When any (nonabsorbent) body moves through the air it must displace the air in front of it i.e. that air must move out of the way of the body, and it does so by flowing around the body.

Although the volume of air through which the body moves isn't actually stationary, in an absolute sense, because of wind and the kinetic motion of the air molecules due to the temperature of the air, we can treat it as though it is stationary with respect to an aircraft wing because of the differences in scale: a wind will affect the entire volume of air whilst the kinetic motion of the air molecules is so small compared with the size of the wing that it's negligible.

Therefore, as we can regard the air as stationary, before it is displaced by the body moving through it, then because some of the air has to be moved from where it originally was, that moved air has had to be accelerated i.e. it wasn't moving until the moving body forced the air to move too.

Now when a sub-region of air (the air displaced by the moving body) is accelerated within a larger body of air (the larger volume of air through which the moving body is passing) the accelerated air ends up at a lower pressure than the surrounding air due to Bernoulli's principle (see's_principle).

If the shape of the moving body is symmetrical e.g. a sphere, then the flow around it will be symmetrical and the resulting regions of low pressure will be equally symmetrical, but if the shape of the body passing through the air is asymmetrical then the regions of relative low pressure will not be symmetrical and this will result in a net force acting upon the body due to the other regions of relative high pressure trying to equalise the pressure.

Aircraft wings are designed to present just such an asymmetric shape to the air as they pass through it and this can be achieved in two main ways: either the cross section of the wing, known as an aerofoil, can be intrinsically asymmetric i.e. it is 'thicker' on the upper side of the centerline than it is on the lower side, and which is known as the camber of the aerofoil, or a symmetrical aerofoil can be presented to the air at an oblique angle, known as the Angle of Attack, or AoA.  In practice, and for nearly all civil aircraft, a combination of both factors is used, with an asymmetric aerofoil being presented to the air at a slightly oblique angle.

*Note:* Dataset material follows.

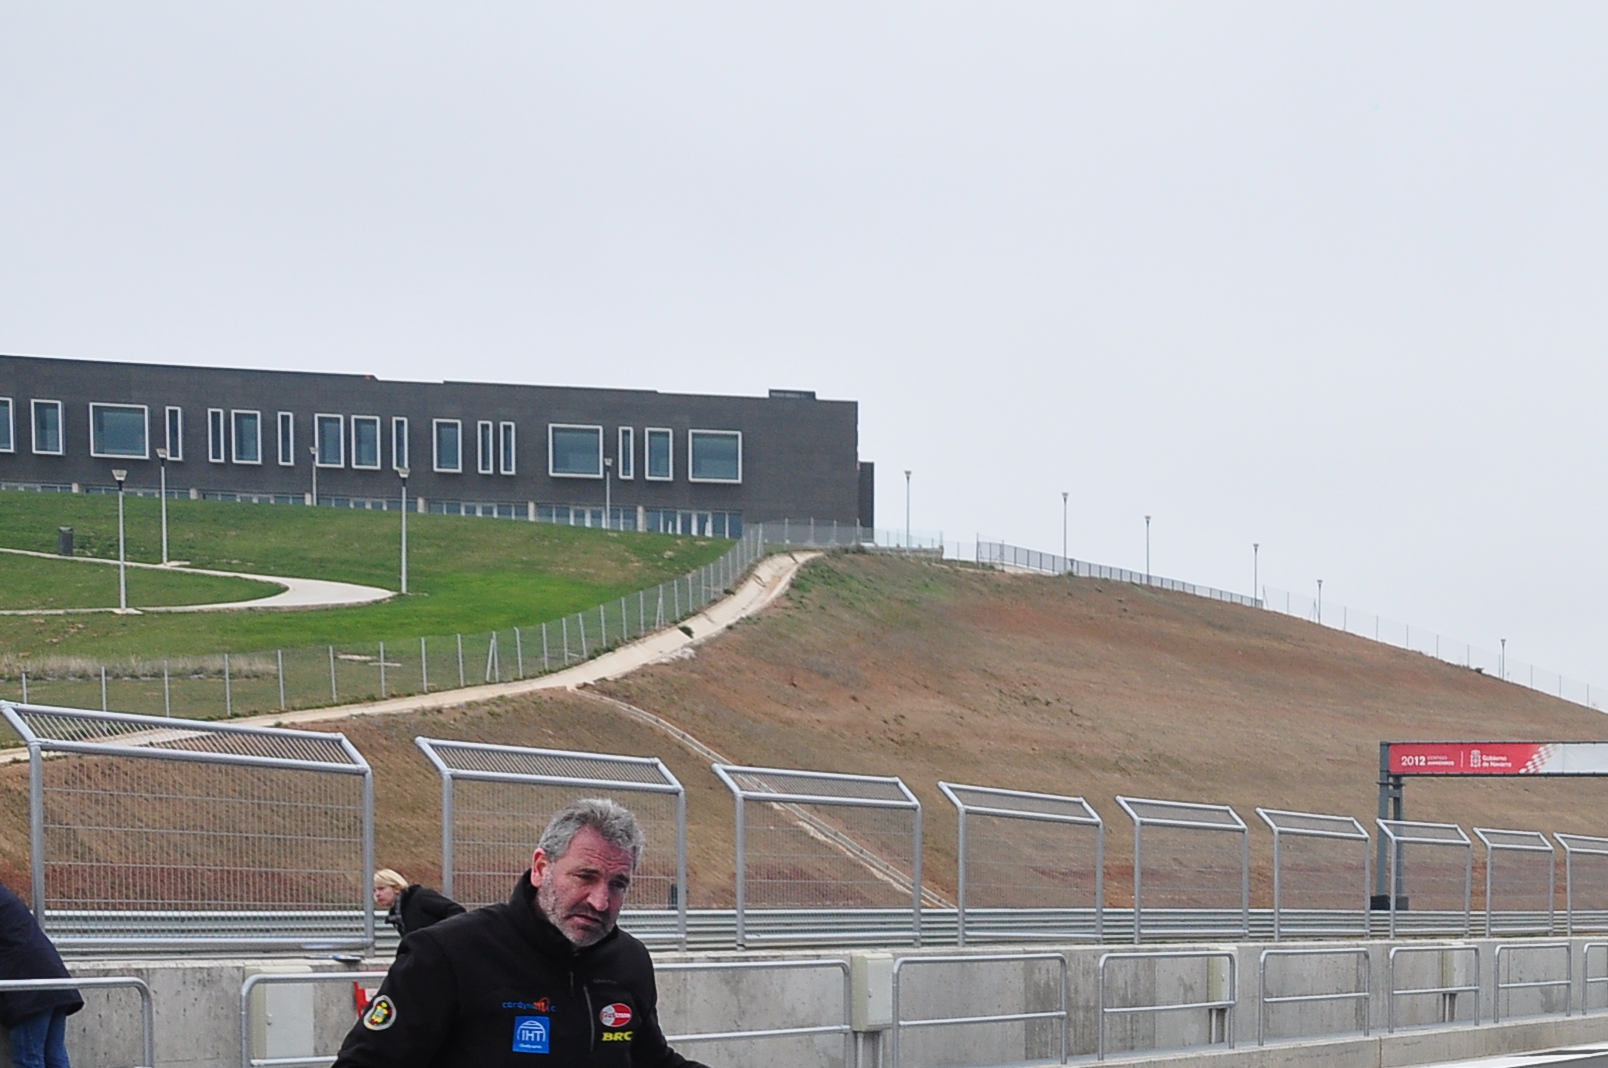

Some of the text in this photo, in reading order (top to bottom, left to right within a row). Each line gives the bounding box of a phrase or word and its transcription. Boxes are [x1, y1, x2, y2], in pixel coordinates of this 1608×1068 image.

[1401, 755, 1426, 767] 2012
[521, 1029, 544, 1042] IHT
[602, 1031, 633, 1042] BRC

An aircraft wing then, works by presenting an asymmetric shape to the air that it is passing though, such that a region of low pressure is formed above the wing, with the result that the wing is lifted by the relatively higher pressure beneath it.

Now although we've been talking about the air flowing around a body as the body passes through the air, this flow isn't perfectly smooth all the way around the body, and especially beyond the point where the cross section of the body starts to decrease and where the air must flow back to fill the empty space left by the body as it moves onwards.  Where the air is forced outwards around the front of the moving body the airflow is smooth because it cannot flow into the body and must closely follow the shape of the body and flow around it but where the air is flowing back to fill an 'empty' space it can flow more chaotically as it is only being 'pushed' back into place by the surrounding air and not by a solid object.  The result is that the airflow becomes turbulent and 'detaches' from the surface of the aerofoil, no longer following its shape, and with 'micro' regions of both high and low pressure, at which point it stops producing lift.

The point along the aerofoil at which the airflow detaches and becomes turbulent depends upon a number of factors, including the shape of the aerofoil and its speed through the air, but the most important one with regard to stalling is the Angle of Attack.  In general, increasing the AoA results in an increase in lift, but as the AoA increases it also means that the air flowing over the top of the wing has further to travel when it needs to flow back after it's reached its maximum displacement, because the upper surface of the wing is now sloping downwards and away from it more steeply, because of the increased AoA, and this means that the point at which the airflow becomes turbulent moves forwards towards the front of the aerofoil.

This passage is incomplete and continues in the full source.